Nope, it’s not ribbon twirling.

And unfortunately, it’s not underwater basket weaving.

You guessed it, launch teams (Actually, you probably didn’t. Thanks for trying.)

About a month ago, I had the pleasant surprise of finding out I made the launch team for Sarah Bessey’s new book, “Out of Sorts.” But before I start feeling extremely special, it’s important to add that everyone who applied was accepted for her team.

Did this dampen my excitement? Not a bit.

This is the way Sarah is, so generous. Both in the way she set up our team but also in her writing. I sincerely love her open handedness with all things.

“Out of Sorts” officially releases on November 3rd and may I just say: if you have ever, in any capacity, engaged doubt in your faith walk, this book is for you.

If you have ever felt sure of something, and then realized it’s more complex than you realized, this book is for you.

If you have ever had to unpack the grief of hopes you once had because people fail or disappoint, yep, it’s for you, too.
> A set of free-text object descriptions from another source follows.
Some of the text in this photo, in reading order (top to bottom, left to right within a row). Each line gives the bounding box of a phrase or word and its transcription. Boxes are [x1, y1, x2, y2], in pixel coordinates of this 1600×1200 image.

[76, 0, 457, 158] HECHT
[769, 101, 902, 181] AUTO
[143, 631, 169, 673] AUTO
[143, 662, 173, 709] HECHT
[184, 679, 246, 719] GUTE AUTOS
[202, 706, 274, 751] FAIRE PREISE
While I’m going to write a more detailed blog next week on what I’ve learned from “Out of Sorts,” here’s what I’ll say now. Sarah masterfully invites each of us to look at the baggage we are carrying regarding our stories and our faith, and she encourages us to allow God to move through them.

I find this refreshing.

Not everyone is comfortable saying, “Yes, do ask questions.” Or, “Yes, do grieve your pains and your losses and your stories.”
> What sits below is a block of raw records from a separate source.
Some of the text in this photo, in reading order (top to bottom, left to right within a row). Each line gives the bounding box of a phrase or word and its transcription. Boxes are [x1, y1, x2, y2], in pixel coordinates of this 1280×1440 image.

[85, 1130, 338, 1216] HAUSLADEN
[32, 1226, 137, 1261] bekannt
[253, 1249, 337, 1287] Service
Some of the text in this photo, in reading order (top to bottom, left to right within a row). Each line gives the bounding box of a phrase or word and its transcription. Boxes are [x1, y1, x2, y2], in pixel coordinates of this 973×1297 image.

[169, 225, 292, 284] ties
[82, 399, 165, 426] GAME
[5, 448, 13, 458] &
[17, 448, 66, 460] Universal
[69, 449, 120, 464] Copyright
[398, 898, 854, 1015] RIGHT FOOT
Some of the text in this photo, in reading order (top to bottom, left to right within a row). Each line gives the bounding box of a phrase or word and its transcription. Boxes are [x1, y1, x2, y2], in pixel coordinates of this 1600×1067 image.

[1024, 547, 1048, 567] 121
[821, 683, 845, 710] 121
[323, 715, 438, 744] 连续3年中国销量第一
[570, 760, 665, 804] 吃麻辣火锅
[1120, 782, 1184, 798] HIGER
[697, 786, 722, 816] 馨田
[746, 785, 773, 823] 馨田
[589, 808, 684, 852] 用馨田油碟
If there is anything I’ve learned about pain and our stories, it’s that we must engage them. We must live inside our stories and process them, in order for us to find acceptance and ultimately healing.  

While we can never do any of this all at once, I think this is why it matters for us to hear the tales of others who have done similar work.

In a way, I hope and pray each of us have our own “out of sorts” moments in our lives. I have always found folks who are willing to lean into their pain are able to bring a special connection to folks around them.

I hope you’ll join me this next week as I write on an important reflection Sarah posed to each of us on the team. It’s simple but profound, and it goes like this: I used to think ______________, and now I think _________________.

I can’t wait to dive into this one, in a way it’s the very essence of our growth.

And as Sarah says, “If our theology doesn’t shift and change over our lifetimes, then I have to wonder if we’re paying attention.”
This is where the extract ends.